## 1.概述

As we know, the parity of a number is determined by the remainder of its division by 2. Even numbers generate a remainder of 0, while odd numbers generate a remainder of 1.

In this tutorial, we’ll see multiple ways to check whether a number is even or odd in Java.

## 2.师的方法

The arithmetic operator which returns the division remainder is the modulus operator %.
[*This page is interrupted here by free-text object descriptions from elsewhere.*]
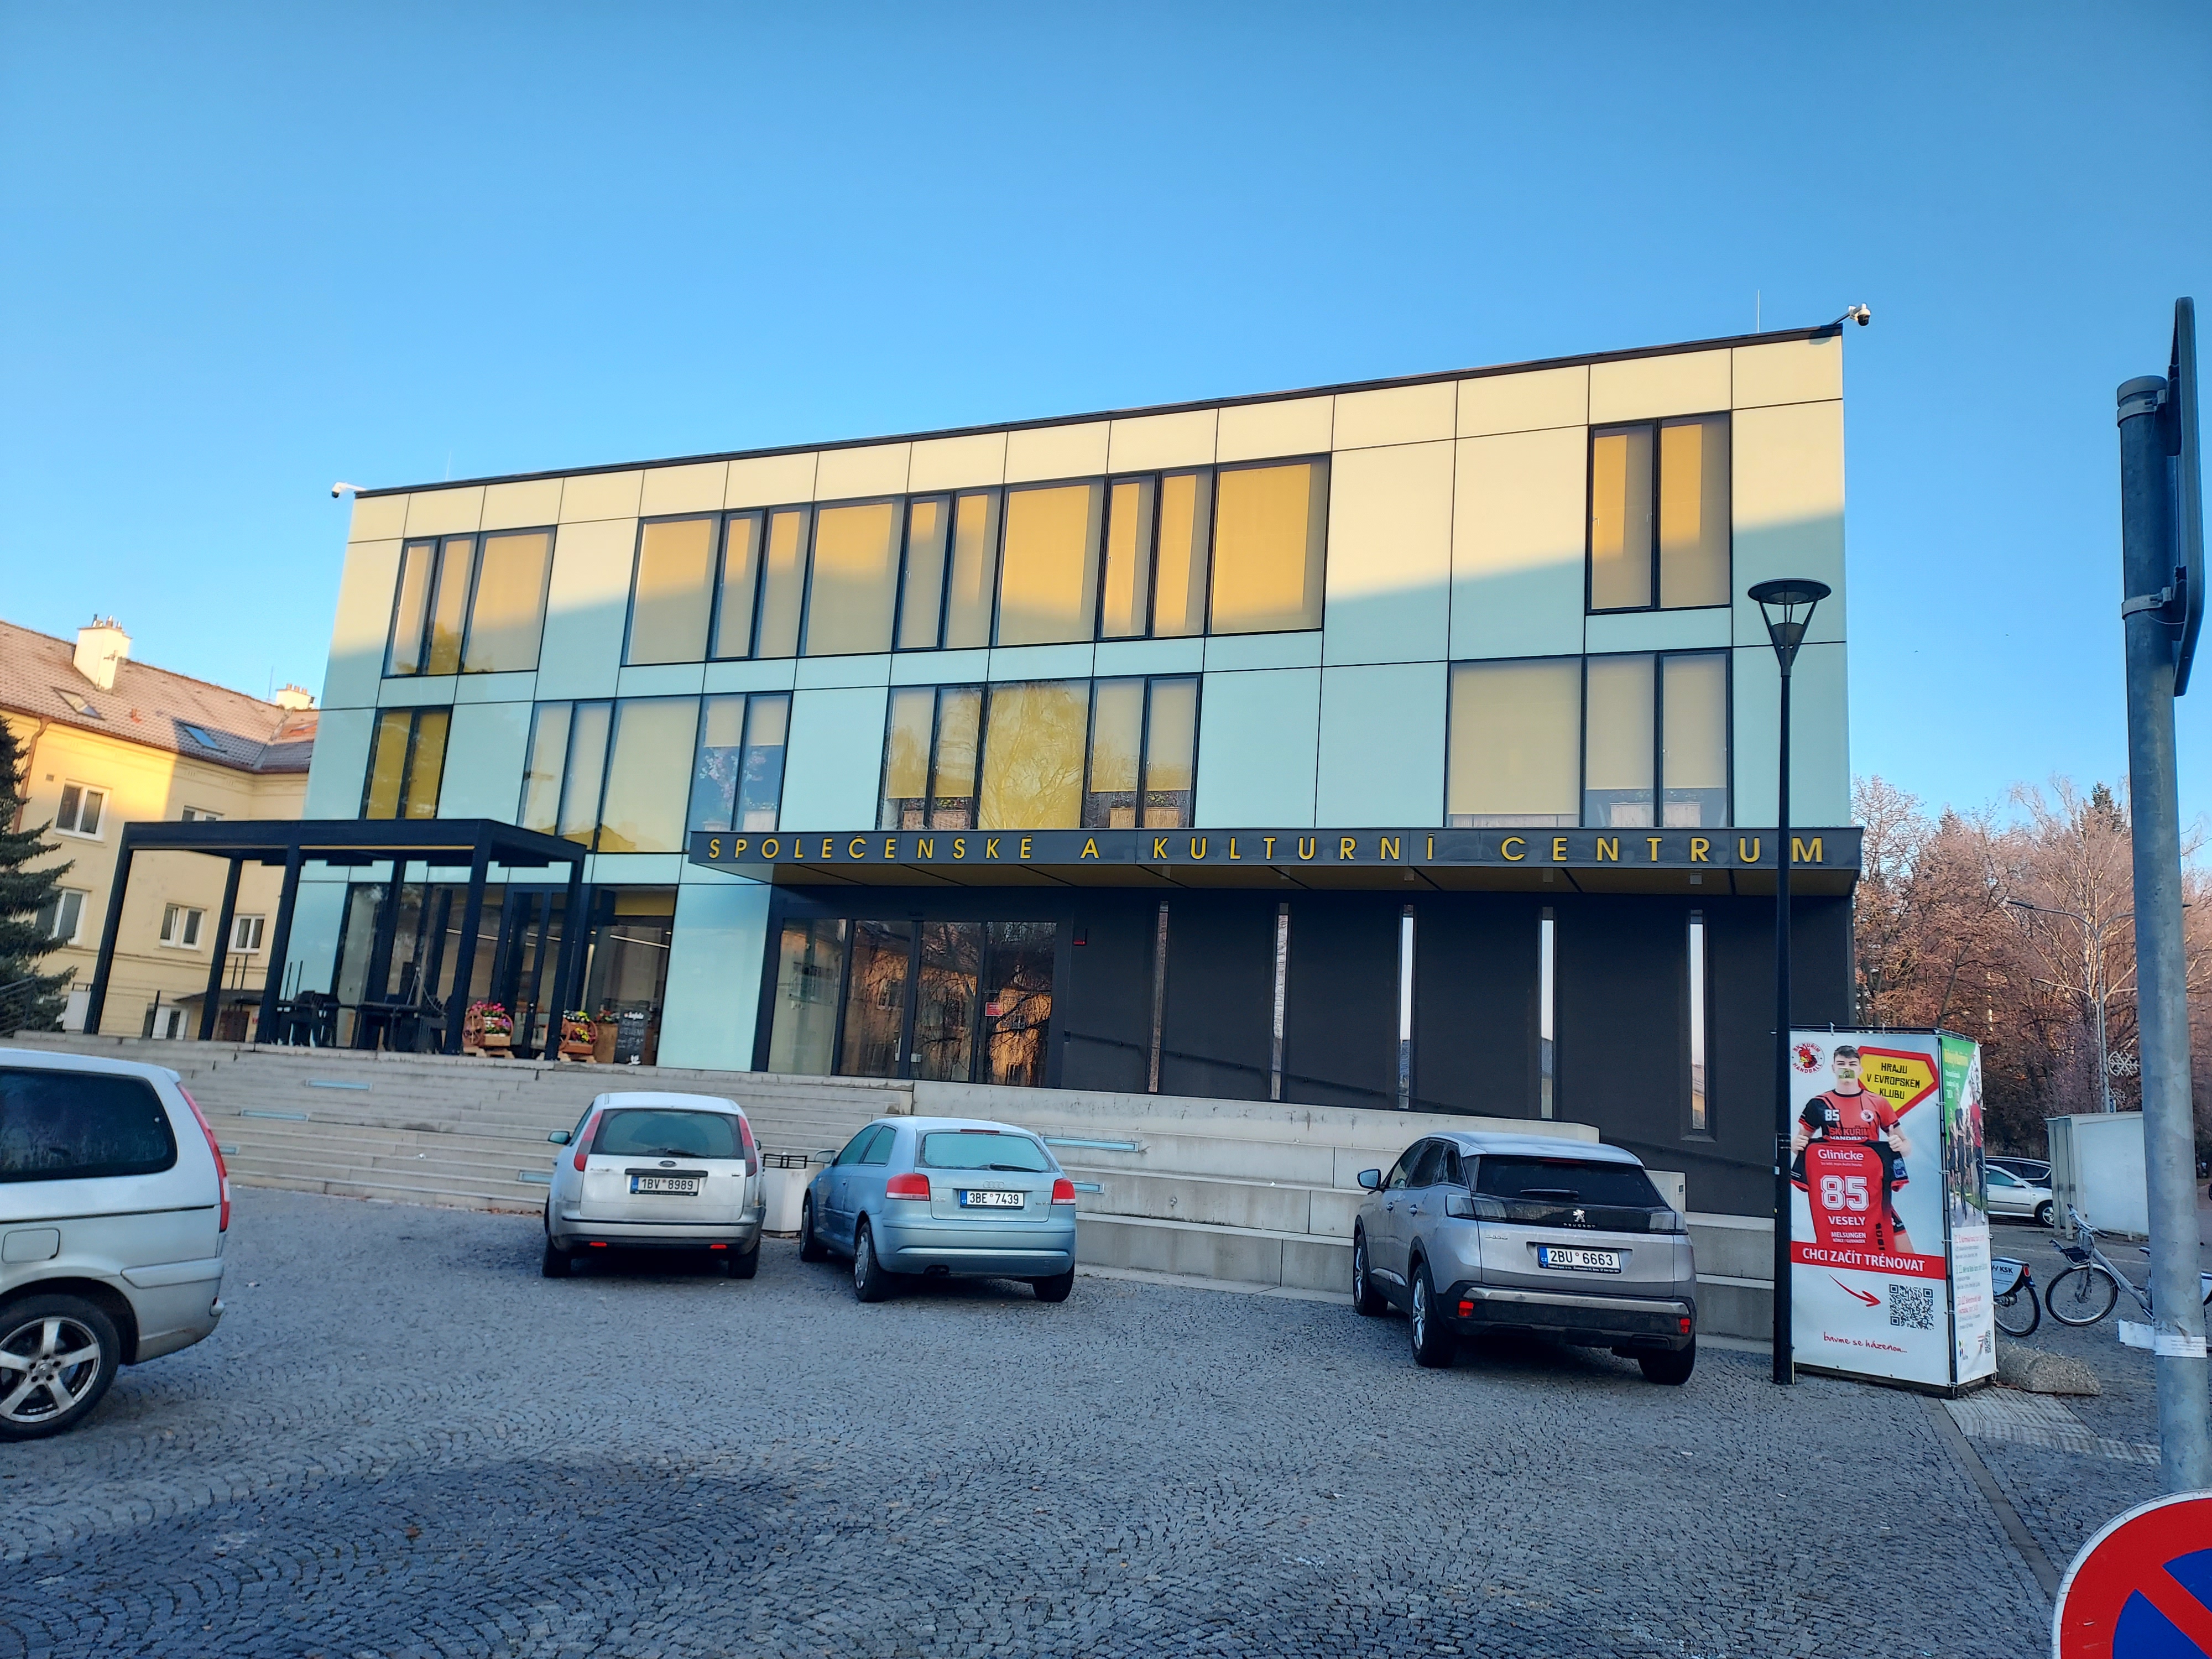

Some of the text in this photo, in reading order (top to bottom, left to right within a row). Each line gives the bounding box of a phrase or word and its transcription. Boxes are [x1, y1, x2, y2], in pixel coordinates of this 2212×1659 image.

[708, 833, 1823, 863] SPOLEČENSKÉ A KULTURNÍ CENTRUM
[1881, 1062, 1908, 1074] HRAJU
[1867, 1073, 1921, 1088] V EVROPSKÉM
[1879, 1088, 1905, 1099] KLUBU
[1825, 1109, 1840, 1121] 85
[1818, 1149, 1864, 1161] Glinicke
[641, 1179, 660, 1190] 1BV
[668, 1180, 693, 1190] 8989
[969, 1193, 988, 1204] 3BE
[995, 1193, 1019, 1204] 7439
[1820, 1175, 1869, 1211] 85
[1828, 1215, 1866, 1225] VESELY
[1550, 1250, 1573, 1262] 2BU
[1583, 1253, 1613, 1266] 6663
[1803, 1248, 1925, 1272] CHCI ZAČÍT TRÉNOVAT
[1824, 1332, 1850, 1344] bavme
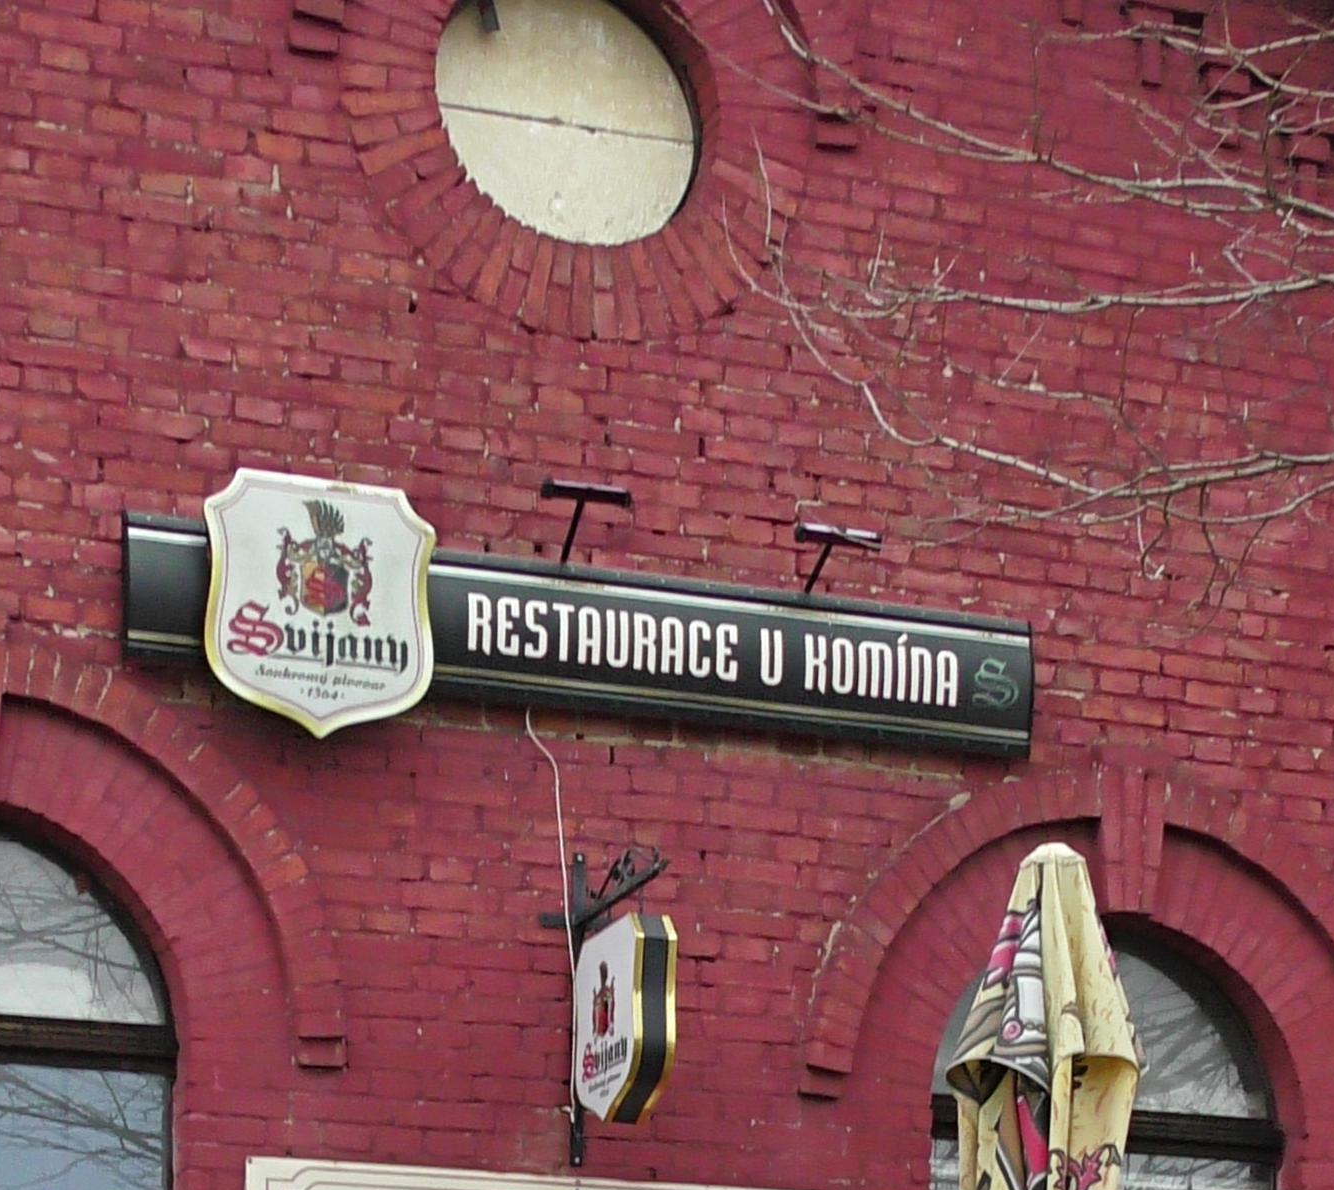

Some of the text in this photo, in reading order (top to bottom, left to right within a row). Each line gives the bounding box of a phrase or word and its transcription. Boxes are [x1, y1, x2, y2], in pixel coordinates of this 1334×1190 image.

[227, 600, 408, 674] Svijany
[467, 592, 738, 682] RESTAURACE
[759, 627, 783, 687] U
[582, 1035, 628, 1082] Svijany
The easiest way we can verify if a number is even or odd is by making the mathematical operation of dividing the number by 2 and checking the remainder:

``````boolean isEven(int x) {
return x % 2 == 0;
}

boolean isOdd(int x) {
return x % 2 != 0;
}``````

Let’s write a couple of tests to confirm the behavior of our methods:

``````assertEquals(true, isEven(2));
assertEquals(true, isOdd(3));``````

## 3.位操作法

There are multiple bitwise operations that we can do on a number to determine if it’s even or odd.

The bitwise operations are more performant than the other methods to determine the parity of a number.

### 3.1 位法OR (|)

An even number OR 1 will always increment the number by 1.

An odd number OR 1 will always result in the same number:

``````boolean isOrEven(int x) {
return (x | 1) > x;
}

boolean isOrOdd(int x) {
return (x | 1) == x;
}``````

Let’s demonstrate the behavior of our code with some tests:

``````assertEquals(true, isOrEven(4));
assertEquals(true, isOrOdd(5));``````

### 3.2. 位法AND (&)

An even number AND 1 always results in a 0. On the other hand, an odd number AND 1 results in a 1:

``````boolean isAndEven(int x) {
return (x & 1) == 0;
}

boolean isAndOdd(int x) {
return (x & 1) == 1;
}``````

We’ll confirm this behavior with a small test:

``````assertEquals(true, isAndEven(6));
assertEquals(true, isAndOdd(7));``````

### 3.3 位法XOR（^）。

Bitwise XOR is the optimal solution to check the parity of a number.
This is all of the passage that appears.